* YOUR INSTRUCTIONS:
With the images left out, print every entry that follows exactly.

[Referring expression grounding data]
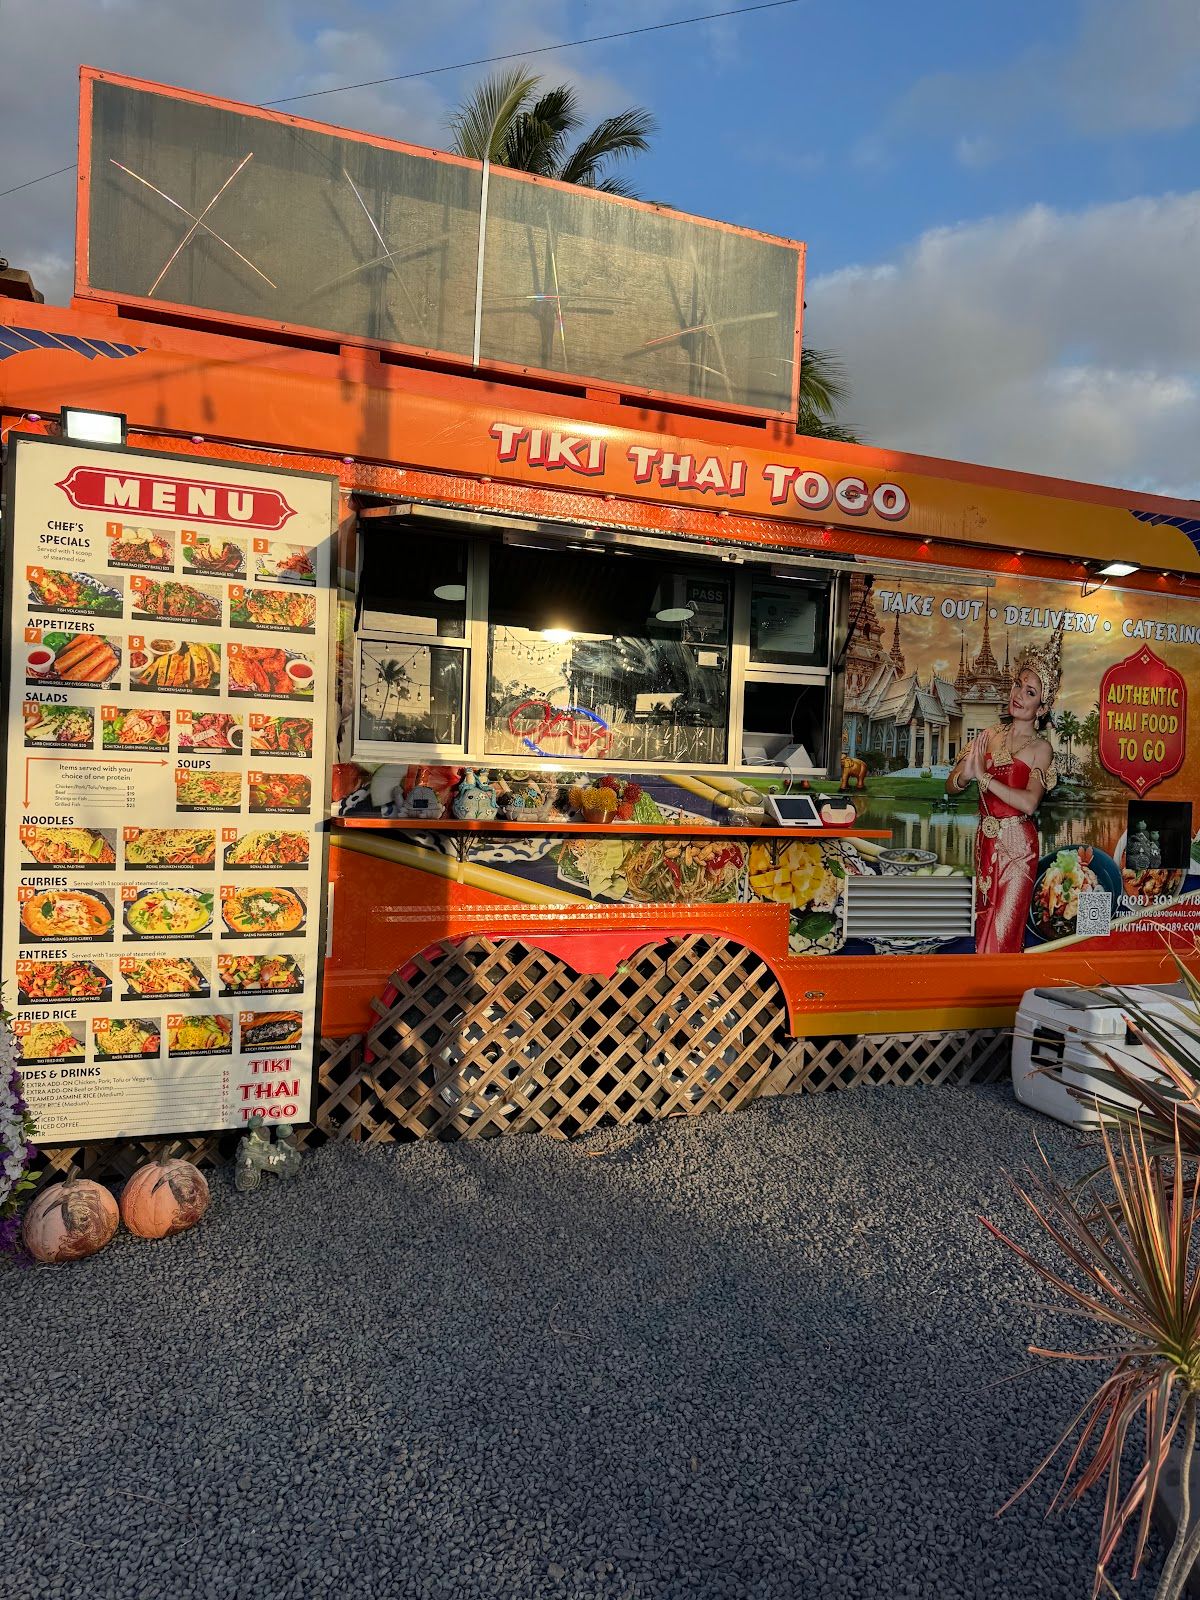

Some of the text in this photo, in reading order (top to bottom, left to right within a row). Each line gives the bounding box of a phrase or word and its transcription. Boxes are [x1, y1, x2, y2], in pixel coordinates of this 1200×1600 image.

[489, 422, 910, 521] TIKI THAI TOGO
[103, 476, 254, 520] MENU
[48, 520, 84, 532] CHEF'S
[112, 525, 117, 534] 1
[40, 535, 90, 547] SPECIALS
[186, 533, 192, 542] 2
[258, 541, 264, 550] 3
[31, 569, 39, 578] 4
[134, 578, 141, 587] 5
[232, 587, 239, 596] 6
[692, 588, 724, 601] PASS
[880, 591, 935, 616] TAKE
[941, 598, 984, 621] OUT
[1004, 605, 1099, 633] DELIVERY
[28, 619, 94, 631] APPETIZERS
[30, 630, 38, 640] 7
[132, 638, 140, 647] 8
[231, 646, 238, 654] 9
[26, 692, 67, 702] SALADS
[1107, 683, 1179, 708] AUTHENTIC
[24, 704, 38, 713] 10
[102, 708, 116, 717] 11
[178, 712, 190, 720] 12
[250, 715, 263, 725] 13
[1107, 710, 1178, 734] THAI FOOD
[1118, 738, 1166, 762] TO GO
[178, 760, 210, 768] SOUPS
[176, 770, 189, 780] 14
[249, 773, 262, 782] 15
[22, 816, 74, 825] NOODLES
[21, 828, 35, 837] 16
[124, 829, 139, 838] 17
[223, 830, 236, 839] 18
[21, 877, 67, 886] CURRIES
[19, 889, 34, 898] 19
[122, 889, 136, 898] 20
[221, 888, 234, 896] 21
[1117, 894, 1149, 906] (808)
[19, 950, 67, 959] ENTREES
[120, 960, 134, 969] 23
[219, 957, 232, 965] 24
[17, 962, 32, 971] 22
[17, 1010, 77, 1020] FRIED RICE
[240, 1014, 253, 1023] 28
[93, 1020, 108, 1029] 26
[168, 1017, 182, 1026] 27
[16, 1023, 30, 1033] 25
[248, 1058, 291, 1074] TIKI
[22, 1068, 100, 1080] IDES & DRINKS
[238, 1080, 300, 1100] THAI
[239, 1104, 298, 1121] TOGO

* ANSWER FOR THE TASK:
Some of the text in this photo, in reading order (top to bottom, left to right within a row). Each line gives the bounding box of a phrase or word and its transcription. Boxes are [x1, y1, x2, y2], in pixel coordinates of this 1200×1600 image.

[489, 422, 910, 521] TIKI THAI TOGO
[103, 476, 254, 520] MENU
[48, 520, 84, 532] CHEF'S
[112, 525, 117, 534] 1
[40, 535, 90, 547] SPECIALS
[186, 533, 192, 542] 2
[258, 541, 264, 550] 3
[31, 569, 39, 578] 4
[134, 578, 141, 587] 5
[232, 587, 239, 596] 6
[692, 588, 724, 601] PASS
[880, 591, 935, 616] TAKE
[941, 598, 984, 621] OUT
[1004, 605, 1099, 633] DELIVERY
[28, 619, 94, 631] APPETIZERS
[30, 630, 38, 640] 7
[132, 638, 140, 647] 8
[231, 646, 238, 654] 9
[26, 692, 67, 702] SALADS
[1107, 683, 1179, 708] AUTHENTIC
[24, 704, 38, 713] 10
[102, 708, 116, 717] 11
[178, 712, 190, 720] 12
[250, 715, 263, 725] 13
[1107, 710, 1178, 734] THAI FOOD
[1118, 738, 1166, 762] TO GO
[178, 760, 210, 768] SOUPS
[176, 770, 189, 780] 14
[249, 773, 262, 782] 15
[22, 816, 74, 825] NOODLES
[21, 828, 35, 837] 16
[124, 829, 139, 838] 17
[223, 830, 236, 839] 18
[21, 877, 67, 886] CURRIES
[19, 889, 34, 898] 19
[122, 889, 136, 898] 20
[221, 888, 234, 896] 21
[1117, 894, 1149, 906] (808)
[19, 950, 67, 959] ENTREES
[120, 960, 134, 969] 23
[219, 957, 232, 965] 24
[17, 962, 32, 971] 22
[17, 1010, 77, 1020] FRIED RICE
[240, 1014, 253, 1023] 28
[93, 1020, 108, 1029] 26
[168, 1017, 182, 1026] 27
[16, 1023, 30, 1033] 25
[248, 1058, 291, 1074] TIKI
[22, 1068, 100, 1080] IDES & DRINKS
[238, 1080, 300, 1100] THAI
[239, 1104, 298, 1121] TOGO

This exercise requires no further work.